# Problem description
Reproduce exactly the lines below, starting with the line that contains "this 1280×1440 image." and ending with the last line of the records, both included, and nothing else.

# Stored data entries
*-*-*

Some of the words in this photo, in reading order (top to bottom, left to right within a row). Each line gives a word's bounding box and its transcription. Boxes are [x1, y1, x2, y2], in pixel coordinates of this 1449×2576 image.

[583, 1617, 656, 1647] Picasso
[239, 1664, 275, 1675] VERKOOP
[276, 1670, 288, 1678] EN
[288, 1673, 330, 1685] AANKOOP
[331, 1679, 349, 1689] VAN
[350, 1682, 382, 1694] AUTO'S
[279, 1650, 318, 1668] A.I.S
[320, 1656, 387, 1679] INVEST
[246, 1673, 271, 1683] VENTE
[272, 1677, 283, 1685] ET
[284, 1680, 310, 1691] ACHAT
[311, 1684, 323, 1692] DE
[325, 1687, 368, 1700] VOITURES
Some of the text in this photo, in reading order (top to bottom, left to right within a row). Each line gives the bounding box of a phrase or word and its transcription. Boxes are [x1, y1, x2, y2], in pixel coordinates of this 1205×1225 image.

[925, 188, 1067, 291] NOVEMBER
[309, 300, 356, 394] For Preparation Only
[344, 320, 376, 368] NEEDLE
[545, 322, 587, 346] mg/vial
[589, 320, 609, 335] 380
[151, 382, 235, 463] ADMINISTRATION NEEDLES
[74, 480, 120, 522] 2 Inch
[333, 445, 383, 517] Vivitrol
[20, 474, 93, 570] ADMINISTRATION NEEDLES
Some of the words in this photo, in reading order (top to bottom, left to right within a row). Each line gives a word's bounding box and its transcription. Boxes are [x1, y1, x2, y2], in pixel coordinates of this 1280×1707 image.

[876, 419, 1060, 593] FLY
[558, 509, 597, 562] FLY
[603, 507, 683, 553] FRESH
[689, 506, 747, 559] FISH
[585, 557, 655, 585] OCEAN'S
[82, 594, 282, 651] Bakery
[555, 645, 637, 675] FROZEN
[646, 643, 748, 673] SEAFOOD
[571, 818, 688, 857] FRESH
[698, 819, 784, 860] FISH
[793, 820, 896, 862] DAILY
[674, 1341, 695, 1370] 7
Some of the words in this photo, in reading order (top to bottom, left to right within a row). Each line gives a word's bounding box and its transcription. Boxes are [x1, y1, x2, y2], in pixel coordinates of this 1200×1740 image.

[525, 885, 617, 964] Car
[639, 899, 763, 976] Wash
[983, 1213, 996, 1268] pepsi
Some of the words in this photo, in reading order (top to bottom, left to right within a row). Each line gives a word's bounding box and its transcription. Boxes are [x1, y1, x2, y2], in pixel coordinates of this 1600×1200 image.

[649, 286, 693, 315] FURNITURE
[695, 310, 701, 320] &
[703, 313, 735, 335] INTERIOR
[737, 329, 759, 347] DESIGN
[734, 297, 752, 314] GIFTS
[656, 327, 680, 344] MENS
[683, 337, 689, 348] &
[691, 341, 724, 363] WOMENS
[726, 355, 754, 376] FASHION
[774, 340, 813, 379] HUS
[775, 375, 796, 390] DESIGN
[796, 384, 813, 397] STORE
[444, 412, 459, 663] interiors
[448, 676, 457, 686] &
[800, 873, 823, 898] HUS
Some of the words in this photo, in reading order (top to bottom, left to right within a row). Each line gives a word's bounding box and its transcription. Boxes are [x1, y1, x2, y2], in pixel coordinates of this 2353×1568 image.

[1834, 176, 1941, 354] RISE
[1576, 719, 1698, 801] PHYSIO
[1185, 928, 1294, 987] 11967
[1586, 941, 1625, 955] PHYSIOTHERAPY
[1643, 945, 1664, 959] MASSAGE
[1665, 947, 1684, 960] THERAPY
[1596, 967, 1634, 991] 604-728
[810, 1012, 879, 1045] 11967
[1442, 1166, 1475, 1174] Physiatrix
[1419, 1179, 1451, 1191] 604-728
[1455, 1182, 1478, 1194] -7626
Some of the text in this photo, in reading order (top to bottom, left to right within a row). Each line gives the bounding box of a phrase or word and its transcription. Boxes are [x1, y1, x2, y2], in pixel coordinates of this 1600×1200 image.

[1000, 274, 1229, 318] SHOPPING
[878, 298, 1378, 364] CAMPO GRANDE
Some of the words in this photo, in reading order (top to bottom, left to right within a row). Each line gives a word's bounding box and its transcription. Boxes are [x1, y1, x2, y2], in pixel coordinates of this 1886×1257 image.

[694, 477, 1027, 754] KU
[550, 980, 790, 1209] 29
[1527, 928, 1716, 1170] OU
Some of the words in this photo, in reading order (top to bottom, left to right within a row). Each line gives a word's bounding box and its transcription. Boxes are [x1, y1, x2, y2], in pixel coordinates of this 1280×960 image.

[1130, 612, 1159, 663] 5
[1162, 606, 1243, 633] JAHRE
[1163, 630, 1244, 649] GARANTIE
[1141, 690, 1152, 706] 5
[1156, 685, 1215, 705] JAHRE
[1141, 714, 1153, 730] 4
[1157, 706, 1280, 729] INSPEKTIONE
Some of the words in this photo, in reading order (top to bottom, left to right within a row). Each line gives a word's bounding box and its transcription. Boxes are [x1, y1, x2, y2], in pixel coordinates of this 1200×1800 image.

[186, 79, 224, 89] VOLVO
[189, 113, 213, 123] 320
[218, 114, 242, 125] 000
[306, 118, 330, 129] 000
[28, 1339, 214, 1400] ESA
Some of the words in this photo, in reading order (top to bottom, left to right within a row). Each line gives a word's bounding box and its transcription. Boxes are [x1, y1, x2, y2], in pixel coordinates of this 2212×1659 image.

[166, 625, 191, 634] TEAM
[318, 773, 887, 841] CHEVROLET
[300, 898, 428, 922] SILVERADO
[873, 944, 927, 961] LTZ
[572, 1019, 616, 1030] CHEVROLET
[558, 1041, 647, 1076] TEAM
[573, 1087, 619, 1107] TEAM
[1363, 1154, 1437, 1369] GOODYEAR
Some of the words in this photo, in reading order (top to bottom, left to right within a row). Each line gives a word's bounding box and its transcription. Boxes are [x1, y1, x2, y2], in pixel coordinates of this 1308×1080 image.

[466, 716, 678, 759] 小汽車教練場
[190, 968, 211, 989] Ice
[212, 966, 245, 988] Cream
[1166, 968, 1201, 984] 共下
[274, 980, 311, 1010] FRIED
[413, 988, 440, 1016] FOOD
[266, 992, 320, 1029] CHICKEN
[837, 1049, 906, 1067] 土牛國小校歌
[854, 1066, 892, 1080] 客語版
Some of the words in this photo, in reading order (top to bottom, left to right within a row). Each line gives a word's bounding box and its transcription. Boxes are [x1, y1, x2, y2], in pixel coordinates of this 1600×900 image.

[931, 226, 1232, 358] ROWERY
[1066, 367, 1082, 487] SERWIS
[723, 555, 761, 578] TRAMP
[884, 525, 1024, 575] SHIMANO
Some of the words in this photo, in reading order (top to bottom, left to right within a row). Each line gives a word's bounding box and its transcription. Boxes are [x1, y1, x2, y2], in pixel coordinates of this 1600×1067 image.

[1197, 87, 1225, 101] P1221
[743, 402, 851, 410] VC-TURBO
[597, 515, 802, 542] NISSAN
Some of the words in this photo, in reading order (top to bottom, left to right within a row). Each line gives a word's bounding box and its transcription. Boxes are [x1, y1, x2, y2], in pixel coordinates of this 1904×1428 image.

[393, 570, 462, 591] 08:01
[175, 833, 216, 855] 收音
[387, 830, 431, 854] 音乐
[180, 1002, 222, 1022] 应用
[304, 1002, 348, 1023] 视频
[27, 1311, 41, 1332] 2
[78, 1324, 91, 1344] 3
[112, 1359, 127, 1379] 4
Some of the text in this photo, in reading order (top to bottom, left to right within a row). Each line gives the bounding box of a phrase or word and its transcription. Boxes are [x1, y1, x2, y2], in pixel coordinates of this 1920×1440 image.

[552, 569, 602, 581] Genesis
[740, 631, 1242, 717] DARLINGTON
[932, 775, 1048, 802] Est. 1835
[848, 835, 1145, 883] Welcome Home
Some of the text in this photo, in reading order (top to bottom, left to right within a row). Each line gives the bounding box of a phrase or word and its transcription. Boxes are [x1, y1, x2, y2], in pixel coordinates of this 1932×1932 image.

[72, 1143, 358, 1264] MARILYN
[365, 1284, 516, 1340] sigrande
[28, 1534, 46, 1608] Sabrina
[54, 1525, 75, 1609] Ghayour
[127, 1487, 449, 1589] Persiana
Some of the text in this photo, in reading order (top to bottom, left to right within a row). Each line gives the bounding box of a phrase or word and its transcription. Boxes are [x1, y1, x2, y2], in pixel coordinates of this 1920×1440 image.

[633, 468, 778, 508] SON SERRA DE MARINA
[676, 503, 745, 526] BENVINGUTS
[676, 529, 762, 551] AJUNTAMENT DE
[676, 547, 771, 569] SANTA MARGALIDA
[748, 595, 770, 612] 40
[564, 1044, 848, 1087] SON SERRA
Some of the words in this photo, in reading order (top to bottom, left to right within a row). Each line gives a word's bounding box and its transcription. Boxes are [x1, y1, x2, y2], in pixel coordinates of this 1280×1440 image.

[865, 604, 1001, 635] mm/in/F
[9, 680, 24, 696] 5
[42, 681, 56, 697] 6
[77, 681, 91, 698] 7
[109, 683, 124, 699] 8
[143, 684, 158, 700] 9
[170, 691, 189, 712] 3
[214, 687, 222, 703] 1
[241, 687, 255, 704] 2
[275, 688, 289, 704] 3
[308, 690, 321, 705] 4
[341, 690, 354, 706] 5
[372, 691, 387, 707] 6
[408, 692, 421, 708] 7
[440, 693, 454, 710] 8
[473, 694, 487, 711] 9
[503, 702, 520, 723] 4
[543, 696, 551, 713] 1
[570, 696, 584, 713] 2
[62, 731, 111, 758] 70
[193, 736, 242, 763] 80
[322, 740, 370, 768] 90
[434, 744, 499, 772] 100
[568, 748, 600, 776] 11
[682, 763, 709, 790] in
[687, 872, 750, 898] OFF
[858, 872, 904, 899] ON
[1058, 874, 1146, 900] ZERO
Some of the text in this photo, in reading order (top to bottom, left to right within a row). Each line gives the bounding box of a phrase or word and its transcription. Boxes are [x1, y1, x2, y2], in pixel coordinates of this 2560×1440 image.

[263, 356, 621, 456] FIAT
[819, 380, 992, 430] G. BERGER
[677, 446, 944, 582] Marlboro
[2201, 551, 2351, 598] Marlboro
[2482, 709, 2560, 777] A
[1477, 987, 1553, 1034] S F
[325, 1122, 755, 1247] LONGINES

*-*-*

# Finished exercise
Some of the words in this photo, in reading order (top to bottom, left to right within a row). Each line gives a word's bounding box and its transcription. Boxes are [x1, y1, x2, y2], in pixel coordinates of this 1280×1440 image.

[865, 604, 1001, 635] mm/in/F
[9, 680, 24, 696] 5
[42, 681, 56, 697] 6
[77, 681, 91, 698] 7
[109, 683, 124, 699] 8
[143, 684, 158, 700] 9
[170, 691, 189, 712] 3
[214, 687, 222, 703] 1
[241, 687, 255, 704] 2
[275, 688, 289, 704] 3
[308, 690, 321, 705] 4
[341, 690, 354, 706] 5
[372, 691, 387, 707] 6
[408, 692, 421, 708] 7
[440, 693, 454, 710] 8
[473, 694, 487, 711] 9
[503, 702, 520, 723] 4
[543, 696, 551, 713] 1
[570, 696, 584, 713] 2
[62, 731, 111, 758] 70
[193, 736, 242, 763] 80
[322, 740, 370, 768] 90
[434, 744, 499, 772] 100
[568, 748, 600, 776] 11
[682, 763, 709, 790] in
[687, 872, 750, 898] OFF
[858, 872, 904, 899] ON
[1058, 874, 1146, 900] ZERO
Some of the text in this photo, in reading order (top to bottom, left to right within a row). Each line gives the bounding box of a phrase or word and its transcription. Boxes are [x1, y1, x2, y2], in pixel coordinates of this 2560×1440 image.

[263, 356, 621, 456] FIAT
[819, 380, 992, 430] G. BERGER
[677, 446, 944, 582] Marlboro
[2201, 551, 2351, 598] Marlboro
[2482, 709, 2560, 777] A
[1477, 987, 1553, 1034] S F
[325, 1122, 755, 1247] LONGINES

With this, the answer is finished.